Circumcision practices vary widely due to different cultural and religious expectations that exist. Medical groups around the world that discuss circumcision acknowledge the same facts surrounding circumcision, but they highlight some aspects for and against circumcision differently to either encourage, discourage, or remain neutral about the practice. Some facts are more relevant in other countries than in the United States; for example, the local rate of HIV infection will make circumcision more or less valuable.

Here we will list evidence-based statements surrounding circumcision in a neutral manner and allow you to draw your own conclusions.

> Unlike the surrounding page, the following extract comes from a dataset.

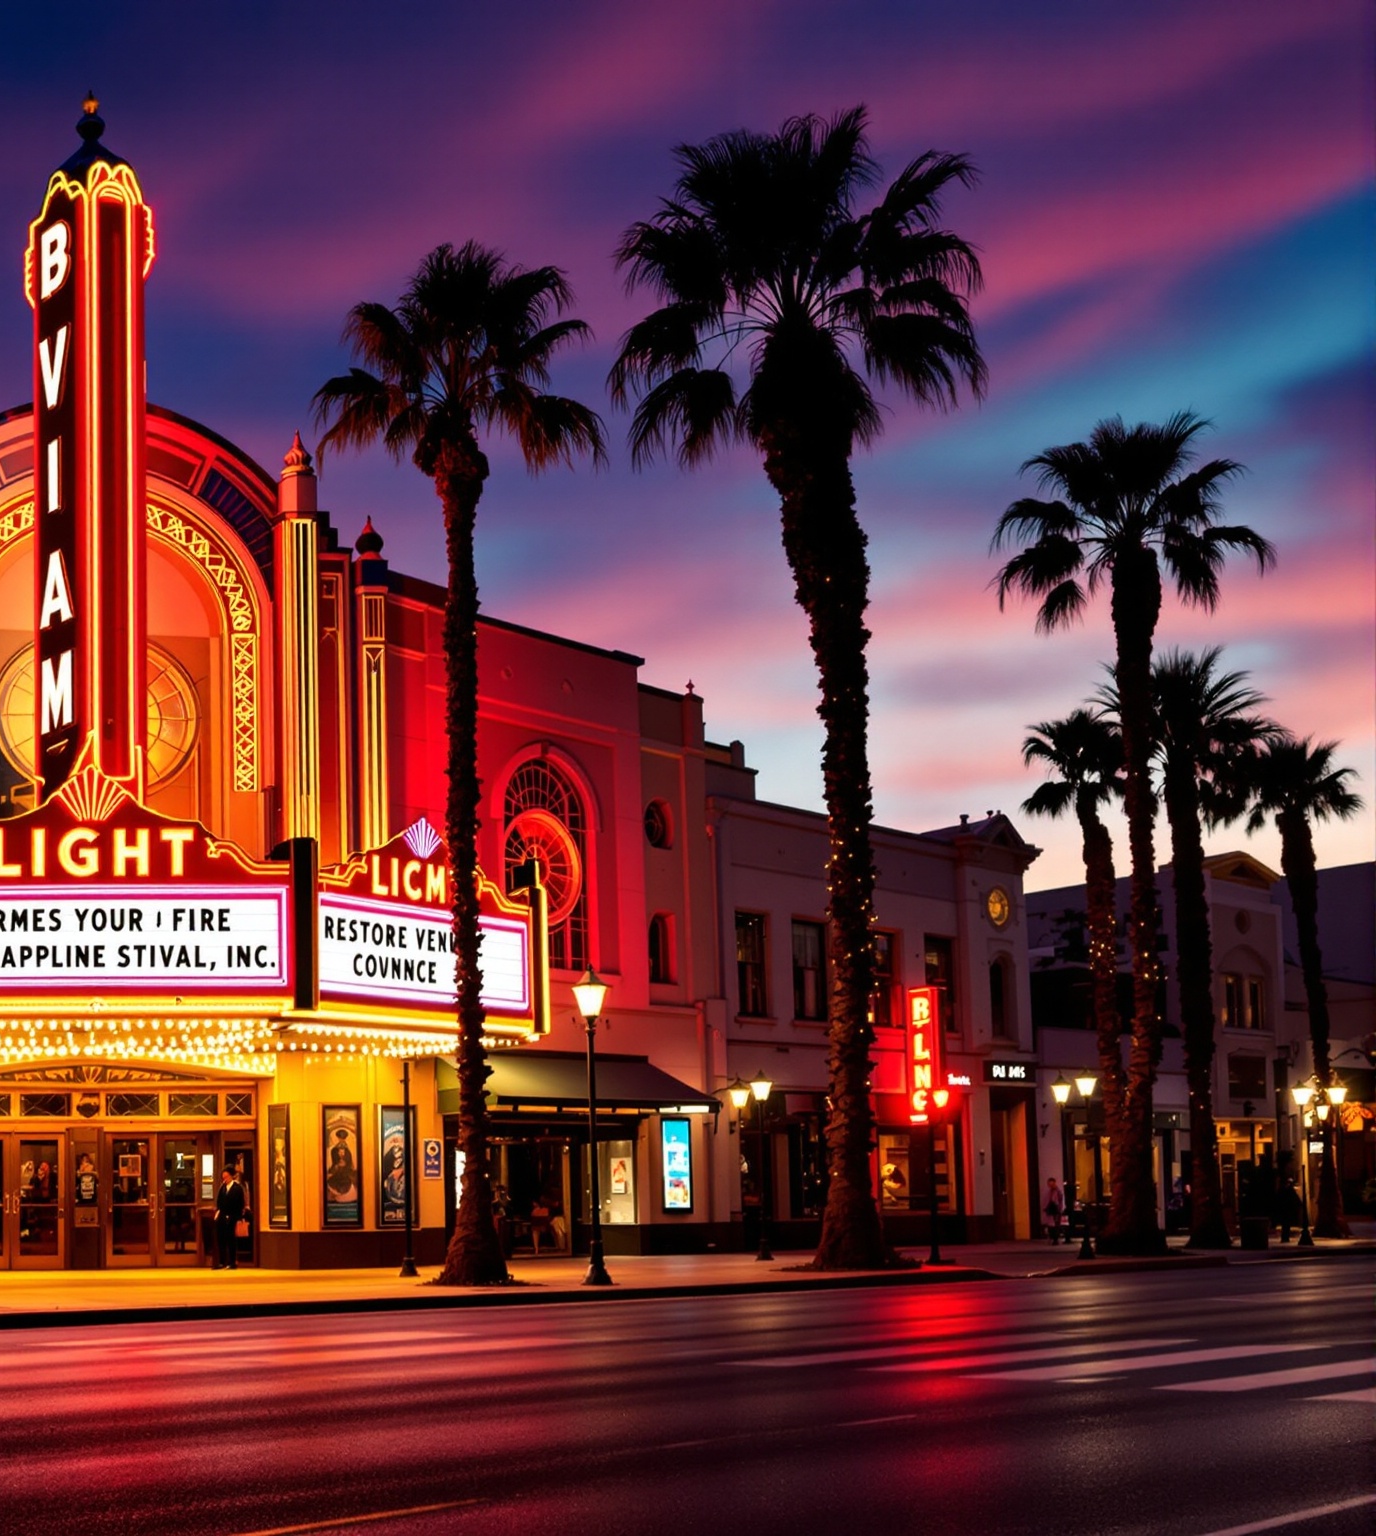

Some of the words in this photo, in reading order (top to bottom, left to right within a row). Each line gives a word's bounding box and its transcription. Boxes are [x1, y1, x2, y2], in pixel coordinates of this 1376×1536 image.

  • Circumcision is associated with a lower risk of HIV transmission in HIV endemic locations like Africa. In the U.S., the overall incidence of HIV is so low that circumcision has yet to show a protective benefit, even in populations that are more at risk for HIV, such as men who have sex with men.
  • Circumcision is protective against invasive penile cancer. However, the rate of penile cancer in the U.S. is 1/100,000 men.
    • 50% of those penile cancers are caused by HPV 16 and 18, similarly to cervical cancers. We now vaccinate against those subtypes with the GARDASIL vaccine.
    • Widespread adopted vaccination with GARDASIL would provide a more protective benefit against penile cancers as well as reduction in smoking and proper hygienic practices.
  • 3% of uncircumcised males will get a urinary tract infection (UTI) compared to about 1% of baby girls and circumcised boys. Circumcision only reduces the risk during the first year of life and most UTIs are easily treatable.
  • Circumcision of males does reduce the risk of transmitting certain infections to female partners: HPV (a cause of cervical cancer), herpes, chlamydia, and syphilis.
  • Phimosis occurs when the skin around the glans penis becomes scarred/swollen/painful and is unable to retract. This can occur in about 1% of uncircumcised males. There are also cases of phimosis occurring in circumcised males due to the scarring from the procedure (mainly the Gomco clamp method); however, the true incidence of this is unknown. There are multiple steps that males can take to reduce their risk of phimosis – whether circumcised or uncircumcised. The cure for phimosis is circumcision.

Known risks of circumcision include: bleeding, infection, need for repeat surgery, meatal stenosis, and partial loss of penis.

There is no quality evidence that circumcision reduces sexual pleasure. Newborns, of course, cannot directly consent to receiving circumcision, though this is true of many things and parents ultimately have a duty and right to make decisions on behalf of their children that involve their health or safety.

A lot of the claims of benefit and harm regarding circumcision are exaggerated. Most men in the world are not circumcised. The CDC states that in 2010 in the U.S., 58.3% of men were circumcised, and in first world countries, we don’t really see significant health differences. Obviously, you may have a religious preference for circumcision. Discuss these issues with your doctor for and make a decision you feel is best for you and your son.